Case No. 8,767.
MACDONALD v. SHEPARD et al.
[4 Ban. & A. 343.]1
Circuit Court, D. Massachusetts.
June, 1879.
PATENTS—DRESS PROTECTOR—ESSENTIAL PART OF INVENTION.
Held, that the “fluted or plaited border” of the complainant's dress protector, for which letters patent No. 155,534 were granted to her September 29th, 1874, is not an essential part of the invention.
[Cited in Macdonald v. Sidenberg, Case No. 8,768; Day v. Combination Rubber Co., 2 Fed. 571.]
[This was a bill in equity by Helen M. Macdonald against John Shepard and others for the alleged infringement of a patent skirt protector.]

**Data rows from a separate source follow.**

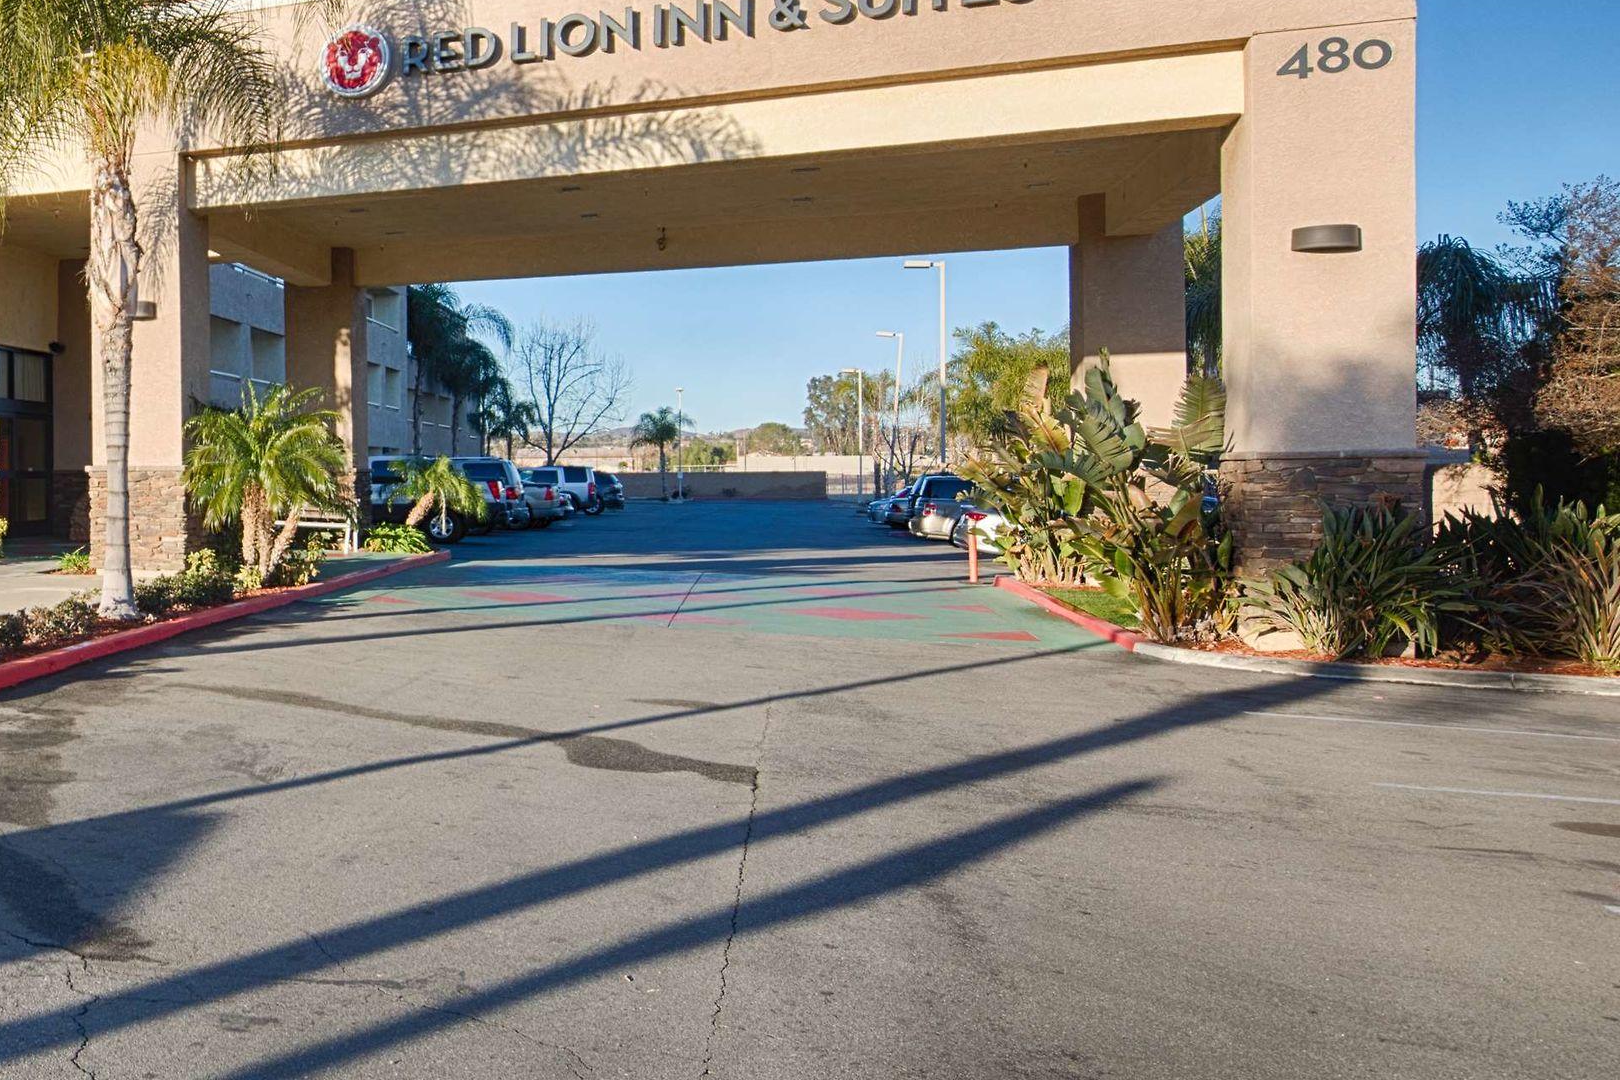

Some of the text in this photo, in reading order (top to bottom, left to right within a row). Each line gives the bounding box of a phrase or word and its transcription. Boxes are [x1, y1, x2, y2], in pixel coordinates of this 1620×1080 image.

[402, 27, 503, 76] RED
[511, 6, 641, 64] LION
[1276, 37, 1393, 79] 480
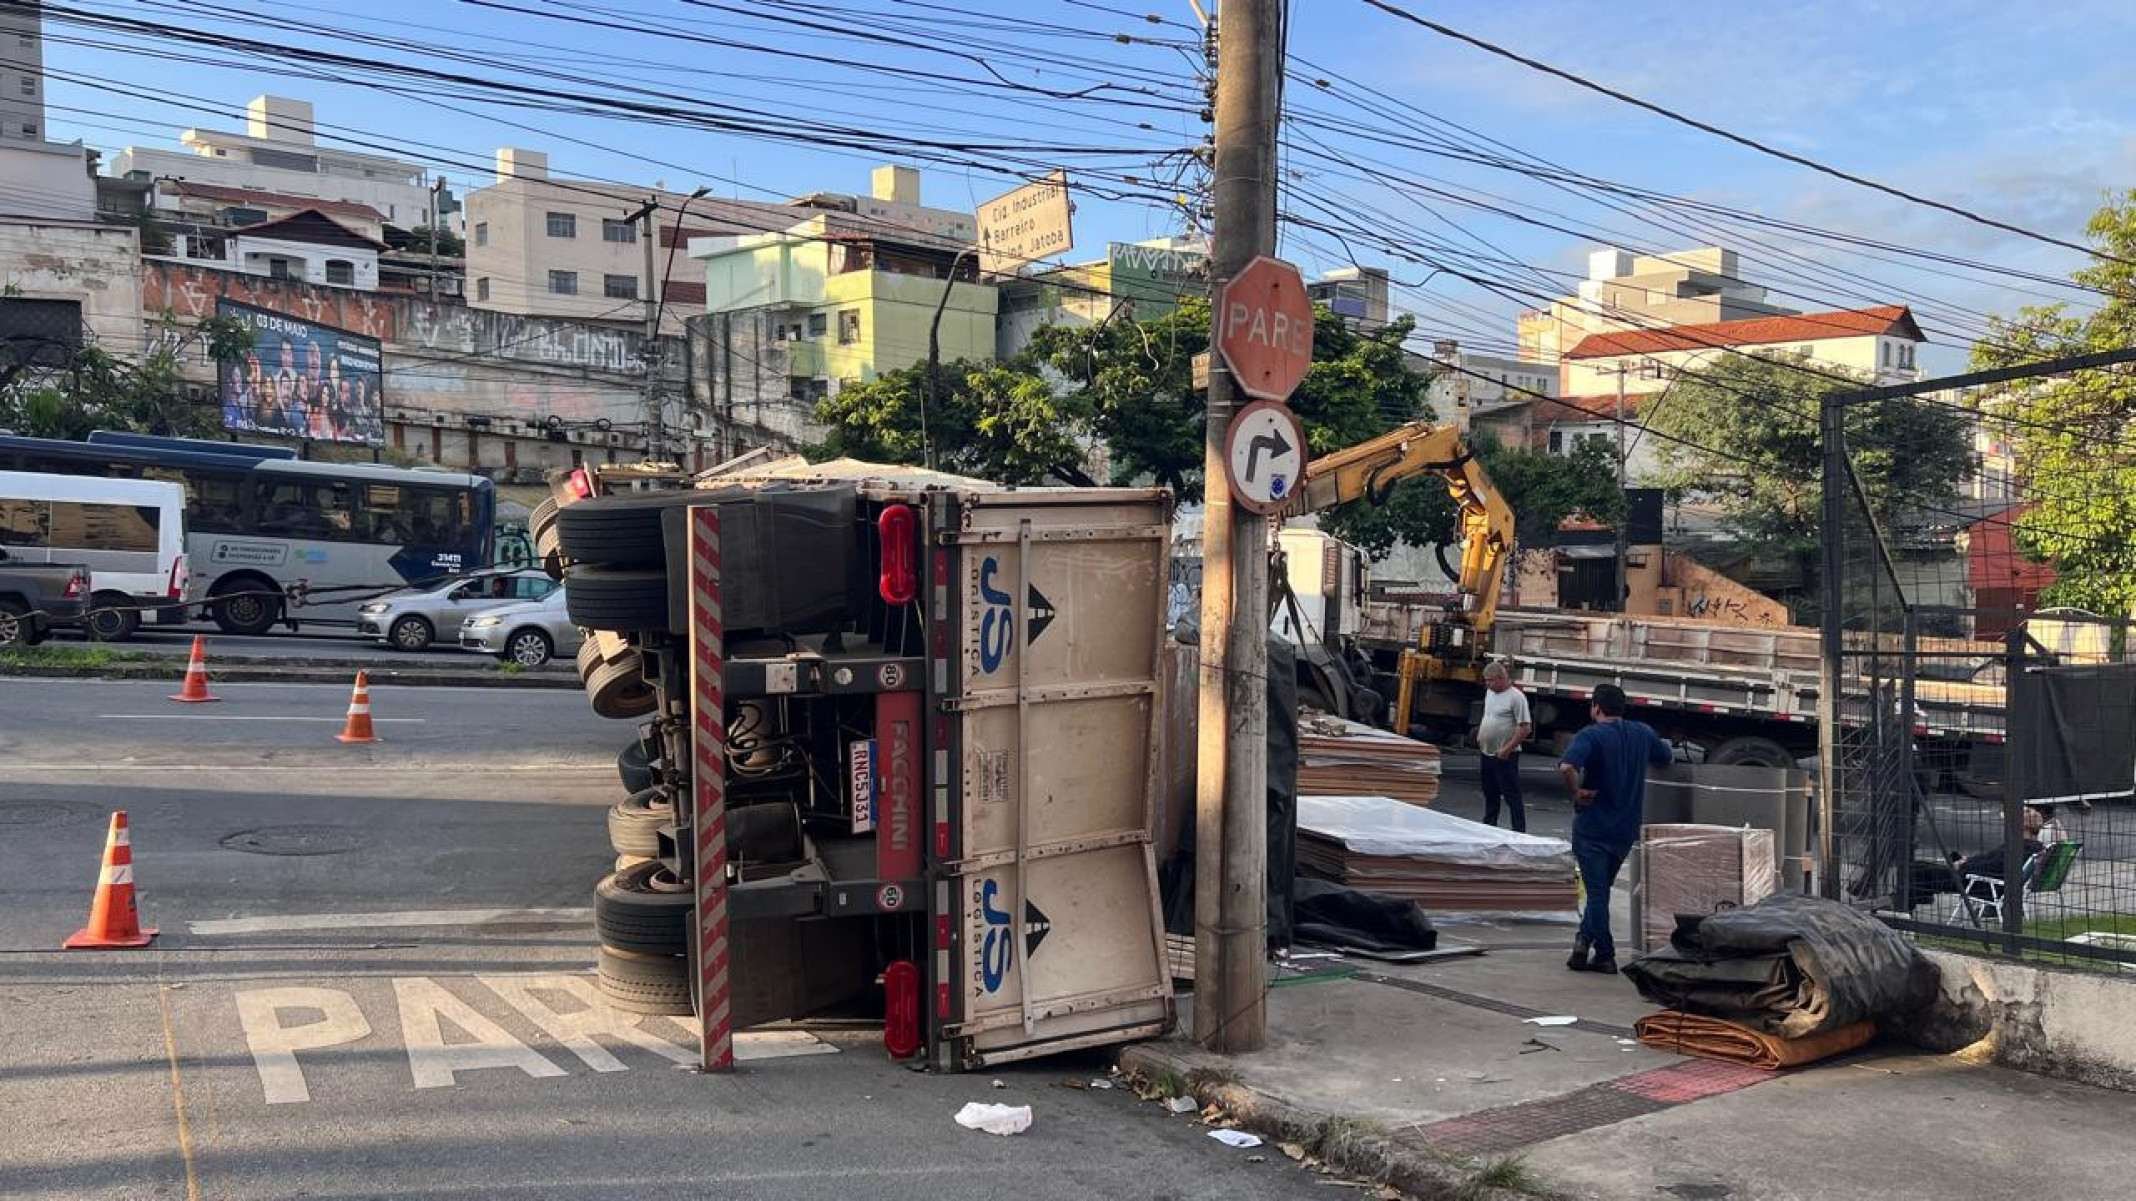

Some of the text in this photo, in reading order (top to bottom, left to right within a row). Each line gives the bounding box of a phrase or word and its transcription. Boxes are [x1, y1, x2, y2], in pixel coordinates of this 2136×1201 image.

[1013, 181, 1059, 213] Industrial
[994, 218, 1035, 244] Barreiro
[256, 314, 308, 338] 03 DE MAIO
[1227, 302, 1304, 356] PARE
[981, 556, 1013, 674] JS
[885, 664, 897, 685] 80
[854, 750, 869, 823] RNC5J31
[892, 720, 910, 850] FACCHINI
[886, 886, 897, 907] 60
[973, 879, 983, 997] LOGISTICA
[982, 879, 1012, 993] JS
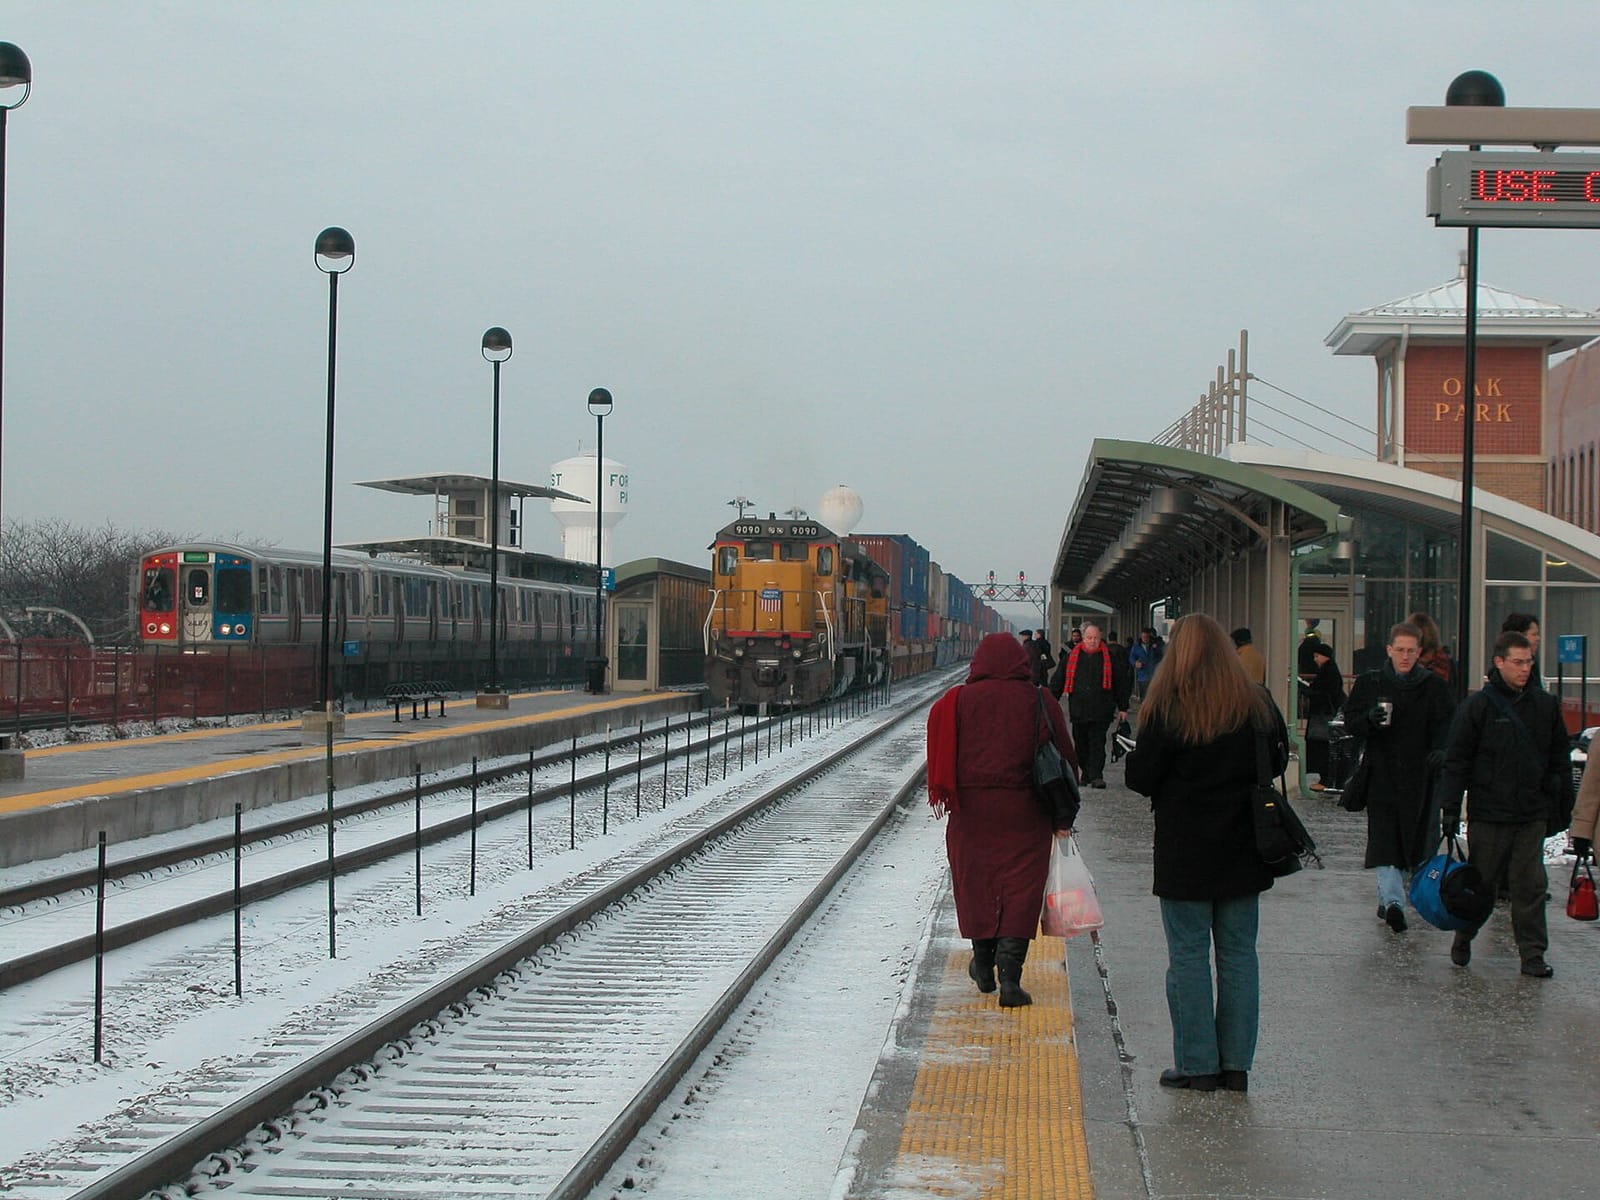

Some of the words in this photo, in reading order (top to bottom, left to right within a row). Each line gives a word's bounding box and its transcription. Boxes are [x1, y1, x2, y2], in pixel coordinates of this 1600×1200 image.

[1478, 170, 1556, 202] USE
[736, 525, 760, 534] 9090
[792, 526, 817, 535] 9090
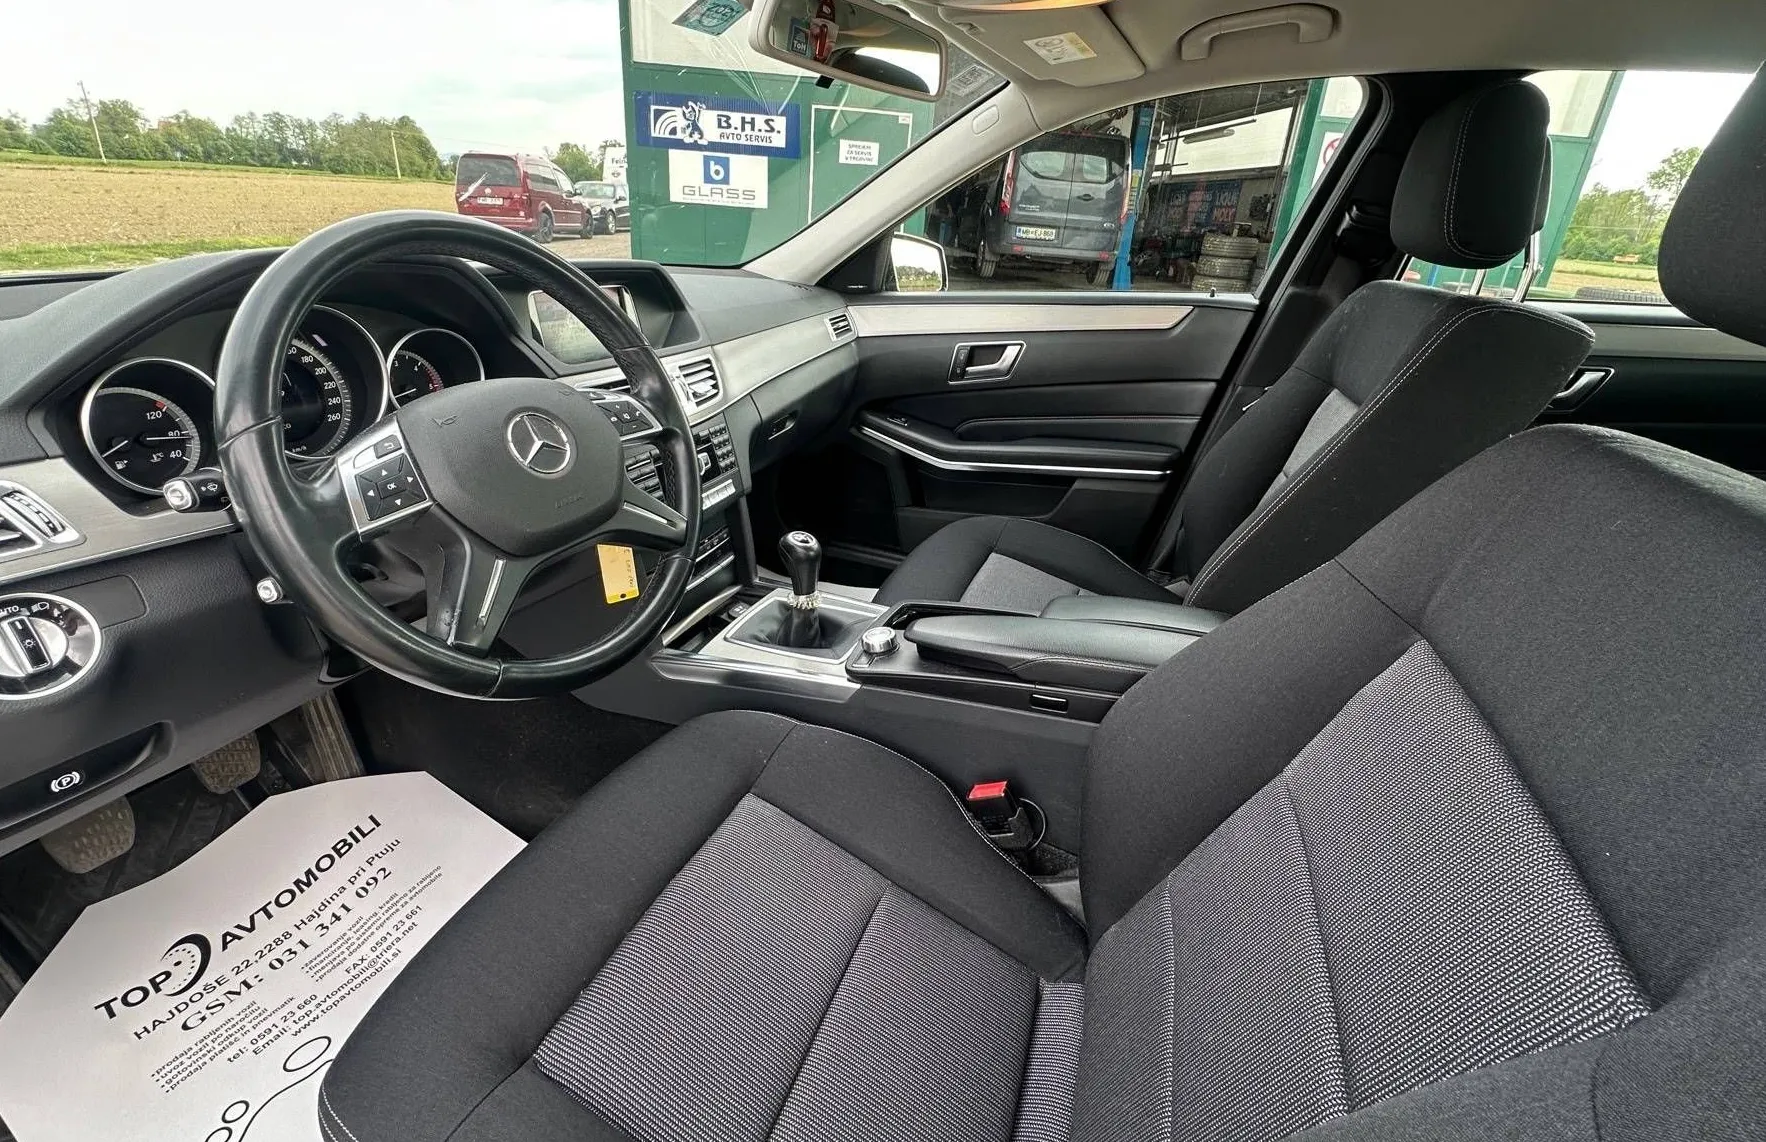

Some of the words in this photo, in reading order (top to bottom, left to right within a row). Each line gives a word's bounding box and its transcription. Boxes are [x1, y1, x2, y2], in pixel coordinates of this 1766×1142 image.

B. F. Butler, for complainant.
E. N. Dickerson, for defendants.
LOWELL, Circuit Judge. On this motion for an injunction, the plaintiff's evidence of infringement is somewhat vague; but, on looking at the defendants' affidavits, the exact article sold by them is shown. This article is a skirt protector, within the description of the plaintiff's patent, which was sustained by Shepley, J., Macdonald v. Blackmer [Case No. 8,758], and afterwards held 48by me not to be anticipated by the De Forest patent [Id. 8,757], unless the “fluted or plaited” border is an essential part of the invention, so that a plain or straight border not gathered into plaits will be without the scope of the patent. This question has caused me much doubt, but, upon looking at the evidence and the arguments in the principal case, on both sides, I do not think that anything turned upon that part of the description. I understand that the fluting or plaiting is merely a part of the finish, proper and, perhaps, necessary, when the skirt to be protected is made of a certain shape, unnecessary when it is of another shape. It seems to me that both parties took for granted, in that case, that a skirt protector, not plaited, would defeat the plain, tiff's patent, if proved to have been made before the date of her invention. I certainly so understood it in deciding upon the questions raised by the discovery of the De Forest patent.
The other points presented in the motion have been decided in the case above referred to.
Temporary injunction ordered.
[For other cases involving this patent, see note to MacDonald v. Blackmer, Case No. 8,758.]
1 [Reported by Hubert A. Banning, Esq., and Henry Arden, Esq., and here reprinted by permission.]